Прошёл вроде месяц, а, может, и два, как двор взволновался опять: умер старик. И странно-то умер, то ли его отравили, то ли сам грибочков наелся, что государственная тётенька приносила, но быстренько умер. И в тот же денёчек, что в день похорон, бравая тётя вселилась.
Авенировна плакала в голос: было жалко себя, дуру-предуру, что верила байкам полковника, и жалко его, дурака престарелого, и жалко соседку Дарью Ивановну. Жалко-то жалко, а ни старика не вернешь, ни завещания не было!
А двор всё трёпался-судачил: и тёти той вроде сыночек-племянник был «при делах» в убийстве соседа, и тётя крутилась совсем не зазря, обихаживая Максима Ивановича, с его вечно мокрыми штанами, – квартирка у моря стоила дорого! А Авенировна аж свалилась в горячке от беды да напасти, из дома не выходила, на стук никому не открывала.
Прорвалась к ней соседка Мария: от свеженькой сплетни горели глаза. Во, как бывает! Приехала внучка, рост чуть не в два метра, тряхнула ту тётю, вырвала из загребущих ручищ сберкнижку дедули (ой, как много деньжищ на сберкнижке скопилось!), ударом ноги свалила мента, что то ли сыночек, то ли племяшек был борзенькой тёте. За день или два оформила нужные на квартиру документы, и укатила в Италию.

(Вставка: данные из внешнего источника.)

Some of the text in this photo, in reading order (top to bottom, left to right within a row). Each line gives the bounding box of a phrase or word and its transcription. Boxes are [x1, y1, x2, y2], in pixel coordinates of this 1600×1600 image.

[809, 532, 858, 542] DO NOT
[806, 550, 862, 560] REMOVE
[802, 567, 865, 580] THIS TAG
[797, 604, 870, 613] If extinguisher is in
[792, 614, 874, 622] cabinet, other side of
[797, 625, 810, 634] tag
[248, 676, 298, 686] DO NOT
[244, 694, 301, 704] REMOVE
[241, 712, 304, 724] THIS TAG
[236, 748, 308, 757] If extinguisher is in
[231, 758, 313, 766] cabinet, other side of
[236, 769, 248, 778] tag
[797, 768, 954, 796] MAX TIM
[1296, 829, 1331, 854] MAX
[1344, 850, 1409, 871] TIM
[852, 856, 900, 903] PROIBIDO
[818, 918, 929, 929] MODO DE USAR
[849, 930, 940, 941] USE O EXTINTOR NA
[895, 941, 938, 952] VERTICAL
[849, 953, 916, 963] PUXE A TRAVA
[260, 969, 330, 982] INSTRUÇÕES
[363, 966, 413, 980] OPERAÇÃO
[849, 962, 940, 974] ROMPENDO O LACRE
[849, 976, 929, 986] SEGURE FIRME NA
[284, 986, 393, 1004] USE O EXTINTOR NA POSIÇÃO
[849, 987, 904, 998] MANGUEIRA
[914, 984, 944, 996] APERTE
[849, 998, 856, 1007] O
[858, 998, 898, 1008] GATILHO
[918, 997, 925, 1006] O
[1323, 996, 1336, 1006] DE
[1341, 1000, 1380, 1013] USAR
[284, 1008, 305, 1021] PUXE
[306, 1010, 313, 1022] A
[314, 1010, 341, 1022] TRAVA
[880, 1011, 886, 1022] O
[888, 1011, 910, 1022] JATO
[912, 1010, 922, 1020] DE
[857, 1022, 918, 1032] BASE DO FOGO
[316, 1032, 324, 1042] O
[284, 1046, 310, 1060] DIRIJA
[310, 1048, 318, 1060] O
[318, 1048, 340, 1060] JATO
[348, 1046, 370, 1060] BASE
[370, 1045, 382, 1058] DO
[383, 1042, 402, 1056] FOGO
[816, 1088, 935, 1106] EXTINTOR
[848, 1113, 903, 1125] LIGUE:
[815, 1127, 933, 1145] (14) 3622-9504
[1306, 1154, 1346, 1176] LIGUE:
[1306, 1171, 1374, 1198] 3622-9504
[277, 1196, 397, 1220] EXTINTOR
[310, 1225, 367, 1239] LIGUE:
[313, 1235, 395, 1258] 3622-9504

Квартиру закрыла, потом продала. Не Авенировне, нет! Зачем же жалеть дурищу соседку, что кормила, поила, выхаживала бабку да деда. Прагматик по жизни, внучка квартиру так продала, что папенька родный от зависти аж заболел, деньгами со вклада внучка тоже распорядилась. Без папы.
Мария квакнула было, что, мол, Авенировна так уж старалась за деда и бабку, так уж старалась… Внучка одно и сказала: а кто звал её да упрашивал? Хлопнула дверь, Мария пошла вон, непрошена.

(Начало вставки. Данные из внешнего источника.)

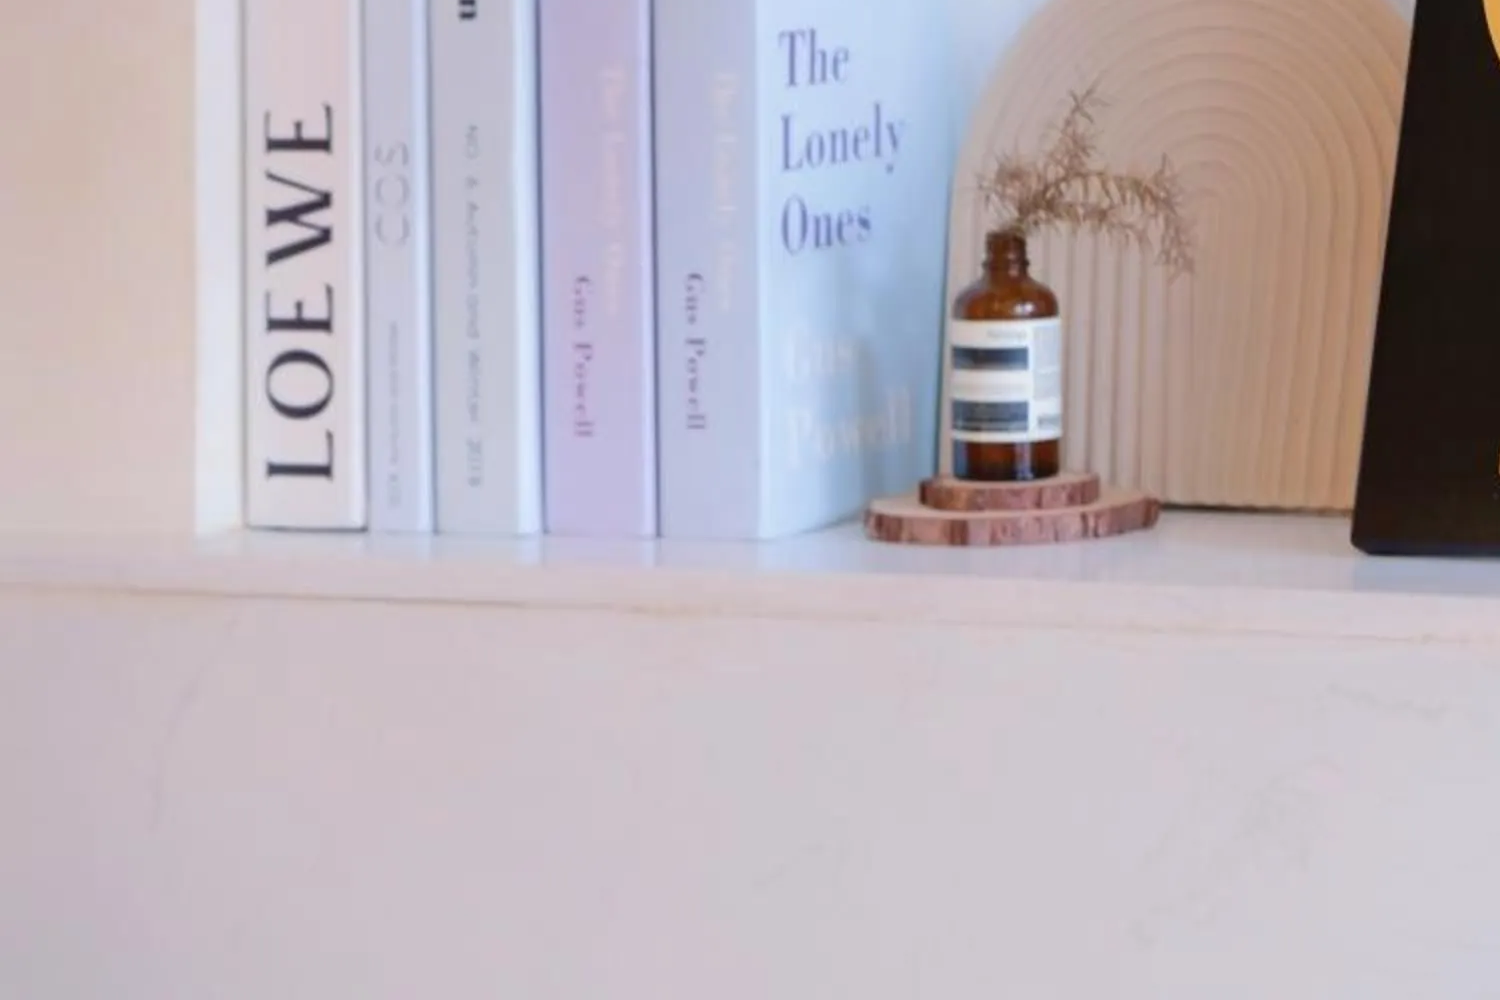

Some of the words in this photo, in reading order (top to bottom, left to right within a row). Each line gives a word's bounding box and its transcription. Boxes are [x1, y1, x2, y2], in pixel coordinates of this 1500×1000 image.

[778, 27, 850, 88] The
[780, 101, 904, 174] Lonely
[780, 195, 872, 255] Ones
[265, 100, 334, 482] LOEWE

Полного имени никто и не помнил, все звали её баба Дуся. Она, когда еще могла выходить, отзывалась, потом в комнатушке закрылась. Комнатушка её находилась на самом верху парадного входа. Просто кто-то после войны загородил холл на самом верху в живых оставшегося в годы войны красивейшего дома. Так и получилась бабкина комнатушка. Жила одна. Изредка только навещал её постаревший племянник, горбатенький живчик, вьюном вившийся близ старой бабки. А та не сильно его то и жаловала, но племяш всему двору шептал да рассказывал, как он тетеньку обожает, какие гостинцы ей носит. Приучал двор к себе: бабка не вечною ж будет. А что двор? Двору всё равно, помрёт или нет старая ведьма.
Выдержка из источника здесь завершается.